Our development of a lower-variance k-nn estimator for MIF was critical in accurately measuring correlations between frequency coupling and visual task performance, since higher variance reduces the maximum measurable correlation11,12,13,14,15. For our particular data set, coherence and MIF behaved mostly similarly. However, theoretically, we know that MIF captures full statistical dependence while coherence is limited to second-order statistics. Therefore, future work should demonstrate this fact empirically with a suitable data set that exhibits stronger deviations from Gaussianity.

Additionally, we briefly consider interpretation of the results found from applying MIF to the visual cortical data. If the MIF values displayed in Fig. 9 are in fact all accurate, it could possibly be concluded that theta MIF is associated with macaques’ general state of alertness. As pointed out previously16, heightened LFP power17,18 within the gamma band is one example of a quantity among others that has correlated with a higher state of arousal. However, significance testing makes it clear that theta coupling measured by MIF is considerably more likely to be capturing phenomena that is more specific than general arousal, since one day of each monkey exhibits significant positive correlations between theta MIF and accuracy, while the other day of each monkey has no significant correlation.
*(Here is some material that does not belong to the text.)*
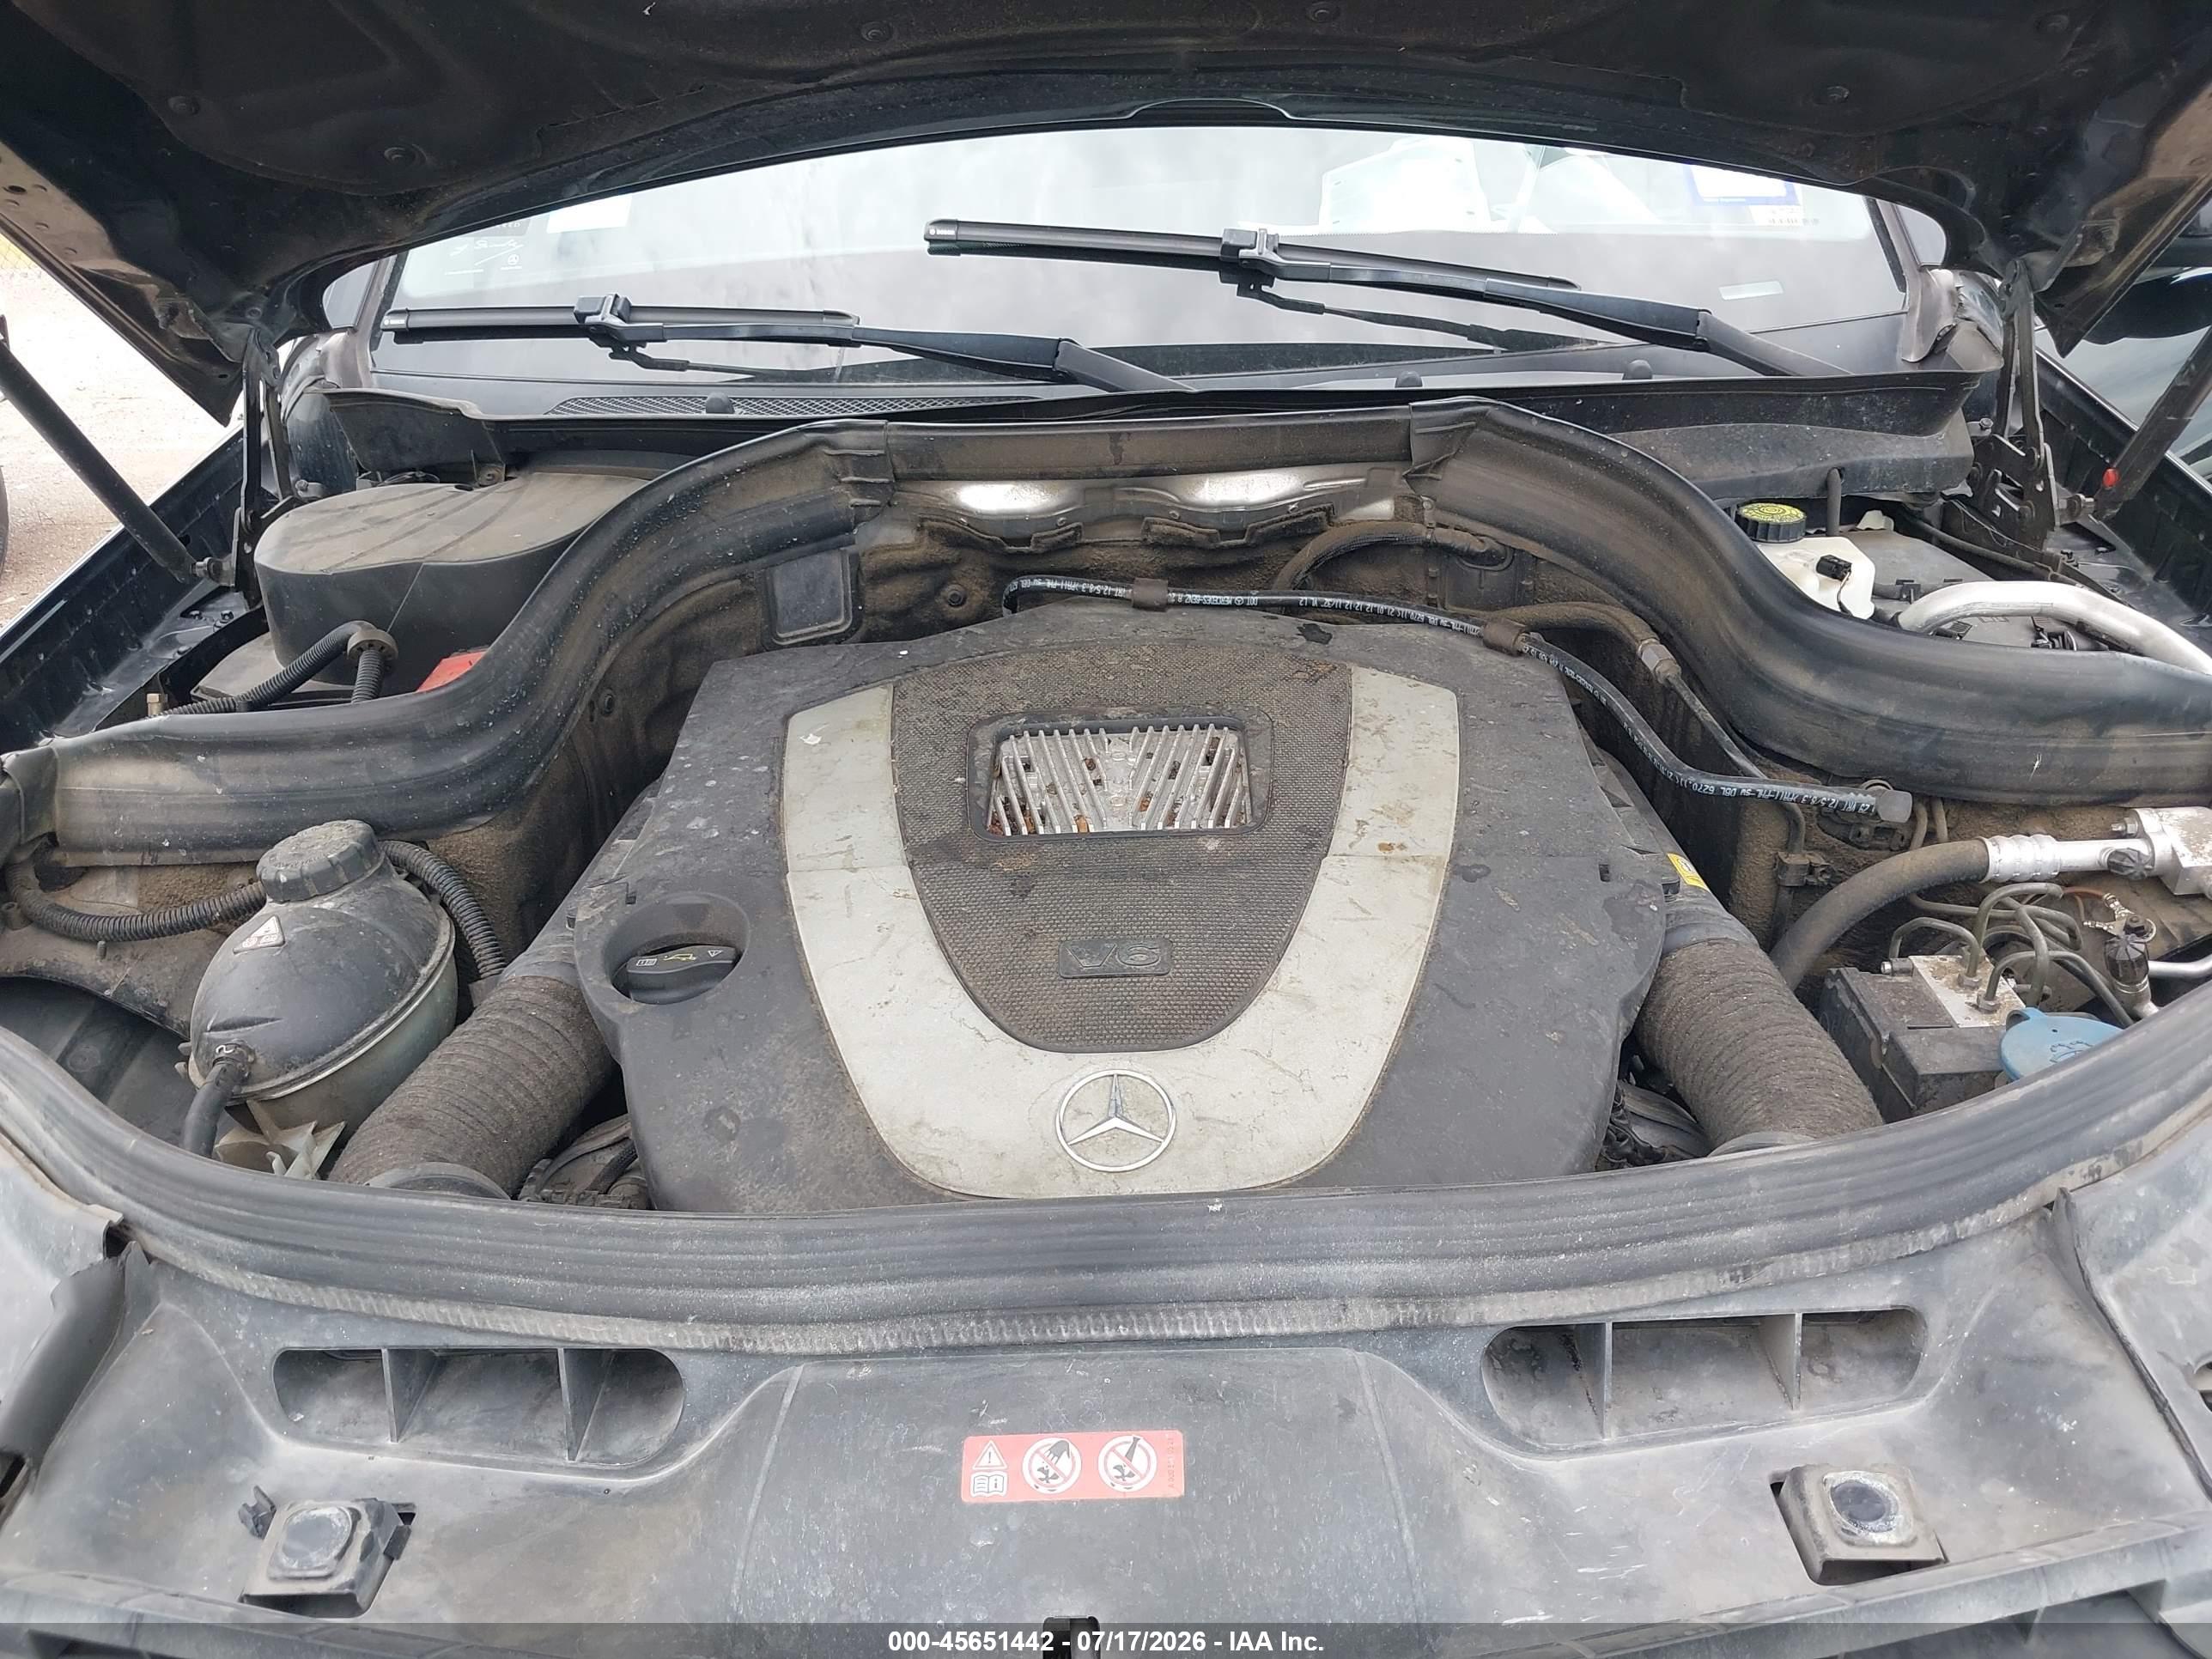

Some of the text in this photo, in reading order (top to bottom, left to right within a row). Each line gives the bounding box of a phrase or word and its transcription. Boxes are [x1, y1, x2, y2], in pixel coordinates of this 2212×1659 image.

[1721, 787, 1736, 797] DBL
[1802, 793, 1838, 809] 12.5/8.3
[1064, 941, 1162, 969] V6
In conclusion, we developed a powerful approach to performing estimation of MIF for maximizing measurable correlations with task-relevant phenomena in the form of the “post” k-nn estimator, which was associated with lower estimation variance than other k-nn methods. Furthermore, simulations revealed MIF’s superiority in general over coherence to fully capture frequency coupling by being more informative. We found that coherence and MIF mostly agreed when applied to our particular visual cortical LFP data set, however we expect that in many cases MIF will outperform coherence empirically and future work should focus on this application. Therefore we provide neuroscientists with a robust way to measure frequency coupling that is ideal for correlating such coupling in neural data with task-relevant phenomena.